**Work to be completed:**
Omit the images. Copy each entry word for word.

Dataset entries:
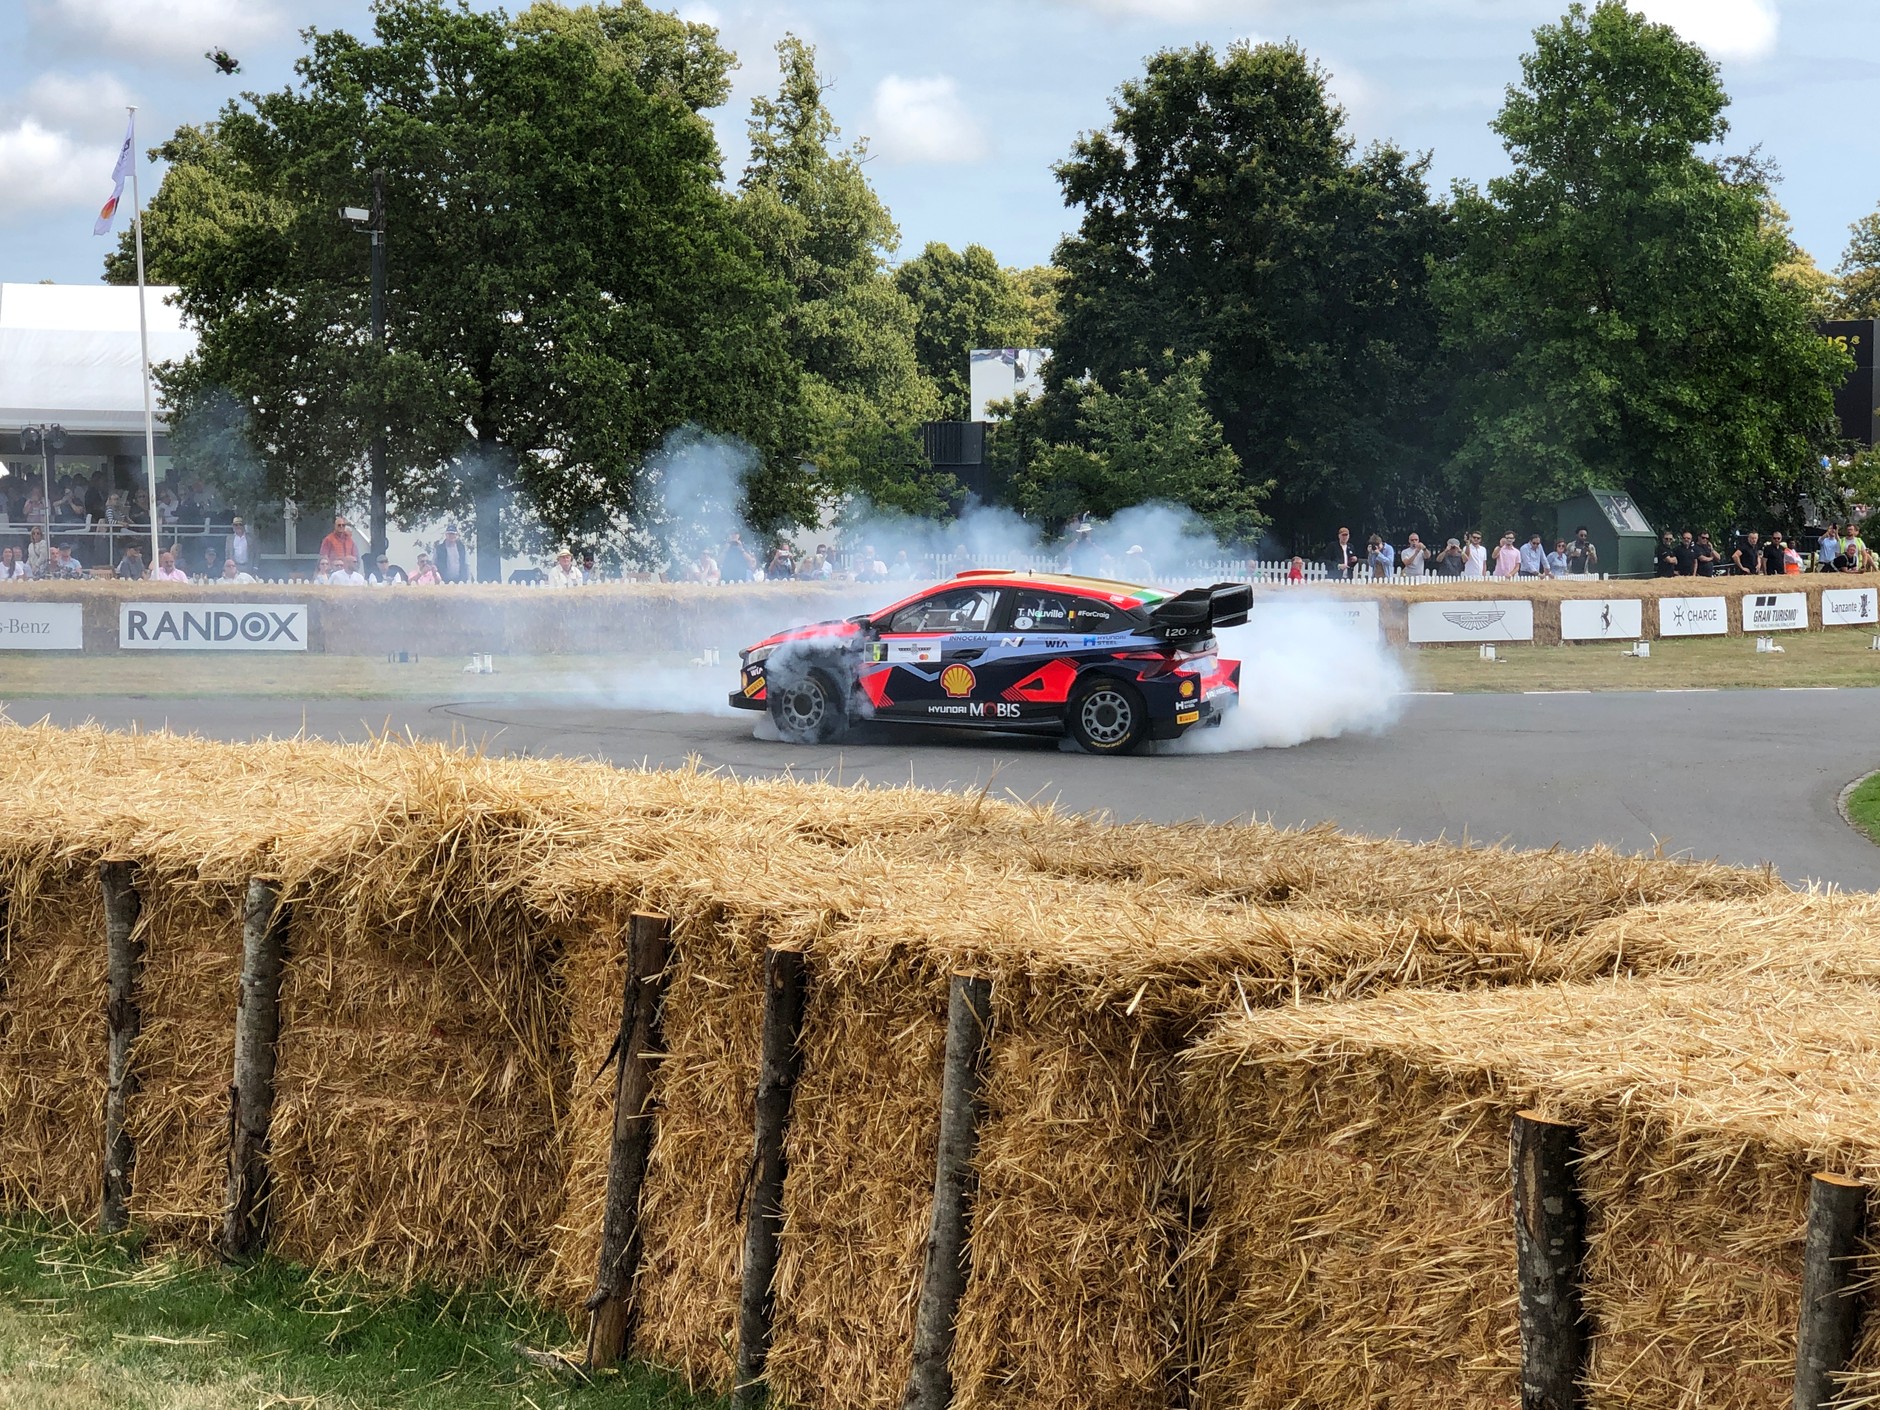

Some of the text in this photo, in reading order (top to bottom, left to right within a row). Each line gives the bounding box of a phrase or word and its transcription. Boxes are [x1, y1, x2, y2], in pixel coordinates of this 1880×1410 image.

[1018, 608, 1064, 618] T. Neuville
[1831, 602, 1858, 613] Lanzante
[1077, 610, 1110, 619] #ForCraig
[1687, 610, 1717, 621] CHARGE
[1753, 609, 1796, 622] GRAN TURISMO
[127, 611, 299, 642] RANDOX
[970, 702, 1020, 717] MOBIS
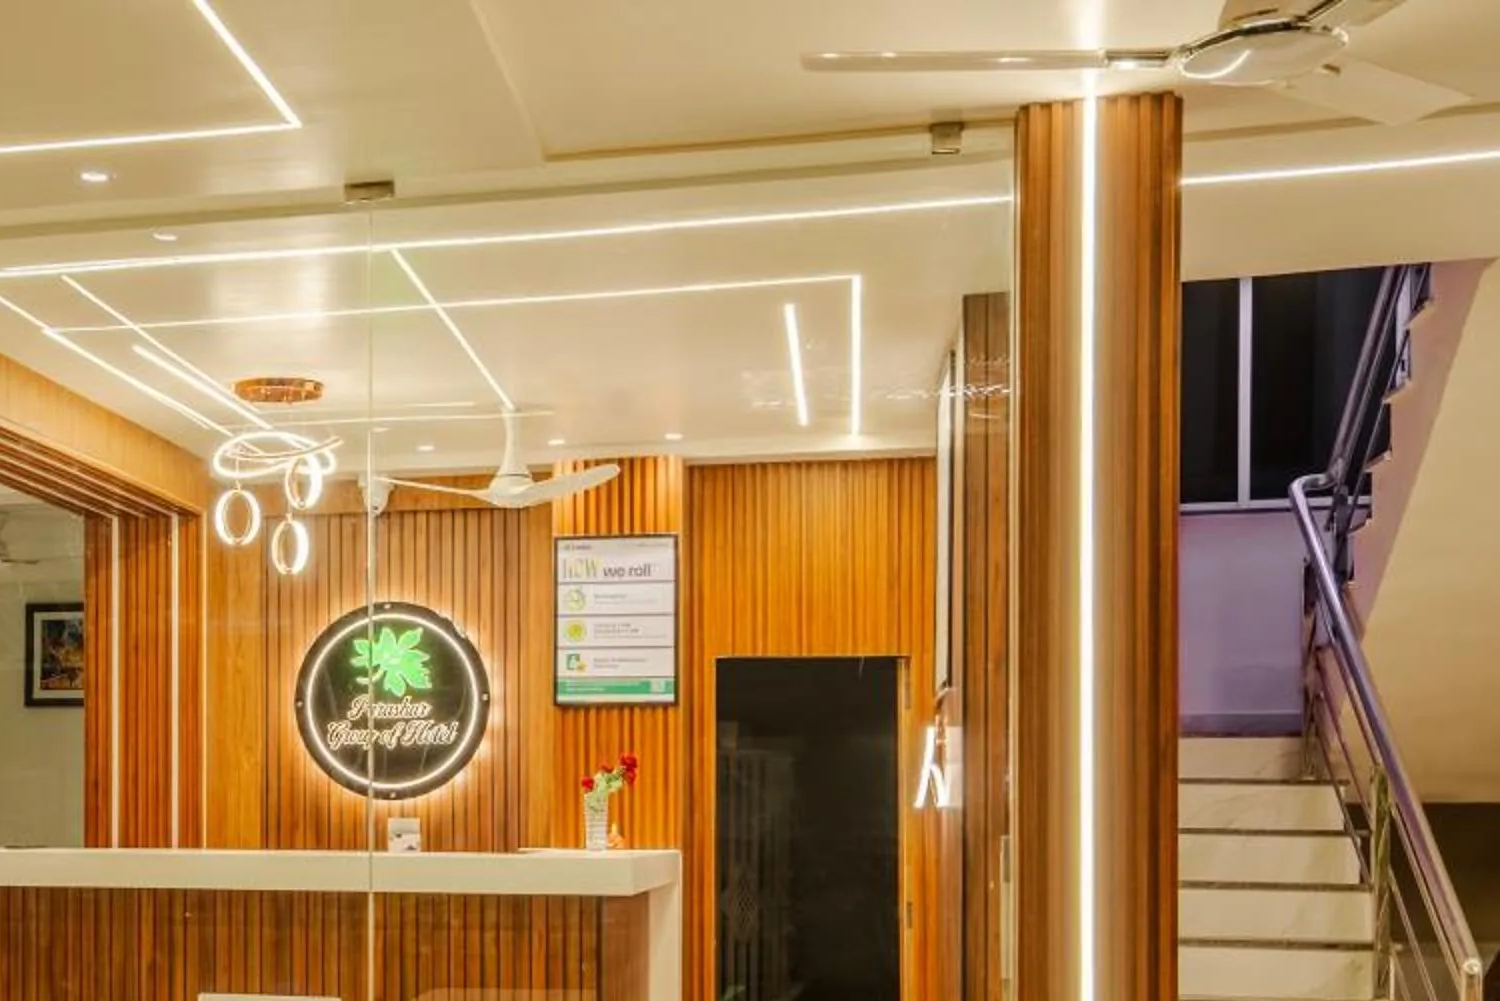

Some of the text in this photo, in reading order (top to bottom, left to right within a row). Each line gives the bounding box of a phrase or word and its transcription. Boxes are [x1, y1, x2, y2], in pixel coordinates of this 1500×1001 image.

[603, 567, 626, 577] we
[628, 563, 651, 577] roll
[379, 721, 406, 750] of
[400, 719, 459, 746] Hotel
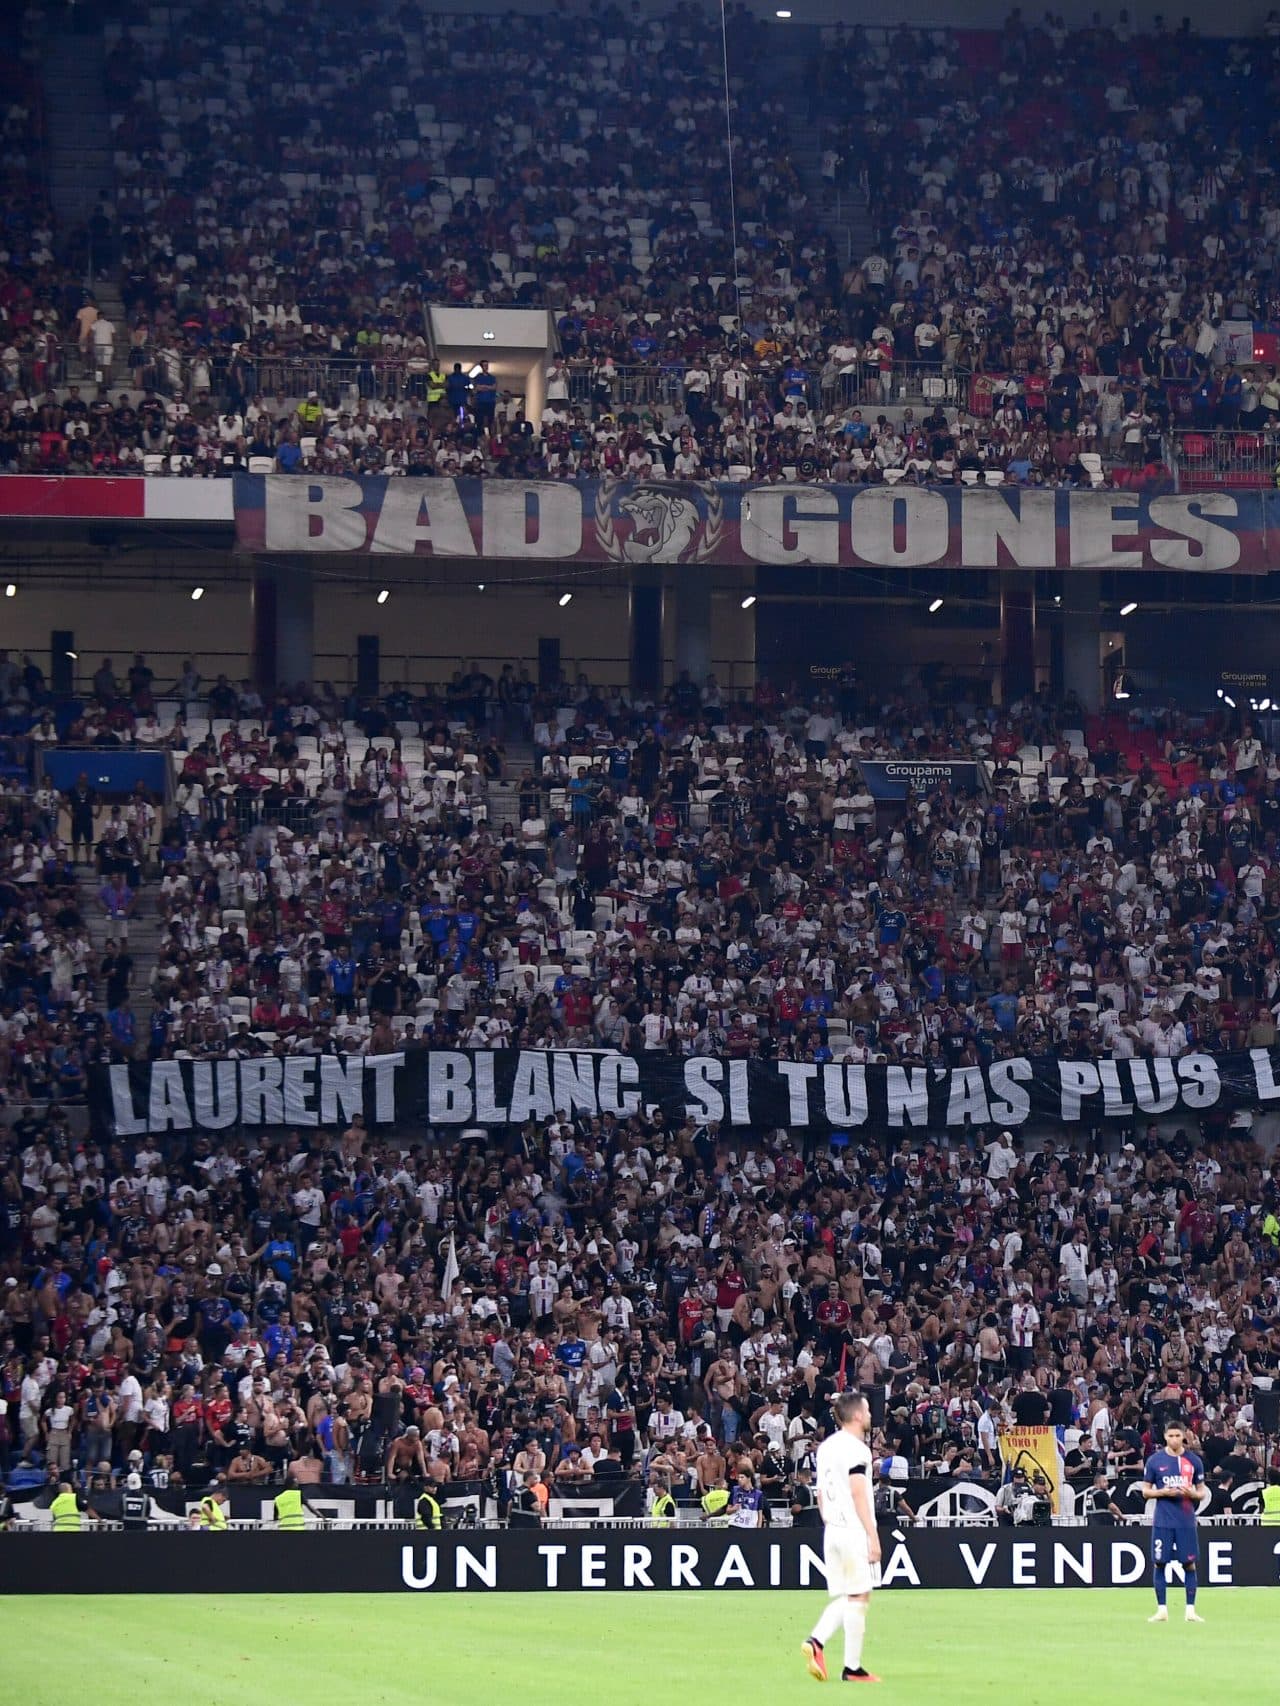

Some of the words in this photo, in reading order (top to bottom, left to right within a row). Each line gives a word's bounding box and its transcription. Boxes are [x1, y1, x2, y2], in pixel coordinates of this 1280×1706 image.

**Task solution:**
Some of the text in this photo, in reading order (top to bottom, left to right within a row). Each line gives the bounding box of a phrase or word and its transcription. Boxes are [x1, y1, x2, y2], in pixel coordinates of this 1880×1410 image.

[1018, 608, 1064, 618] T. Neuville
[1831, 602, 1858, 613] Lanzante
[1077, 610, 1110, 619] #ForCraig
[1687, 610, 1717, 621] CHARGE
[1753, 609, 1796, 622] GRAN TURISMO
[127, 611, 299, 642] RANDOX
[970, 702, 1020, 717] MOBIS

Some of the text in this photo, in reading order (top to bottom, left to right within a row). Each line gives the bounding box of a phrase or word and its transcription. Boxes are [x1, y1, x2, y2], in pixel coordinates of this 1500×1001 image.

[603, 567, 626, 577] we
[628, 563, 651, 577] roll
[379, 721, 406, 750] of
[400, 719, 459, 746] Hotel

Some of the words in this photo, in reading order (top to bottom, left to right within a row). Each line gives a word's bounding box and its transcription. Boxes are [x1, y1, x2, y2], in pixel coordinates of this 1280×1706 image.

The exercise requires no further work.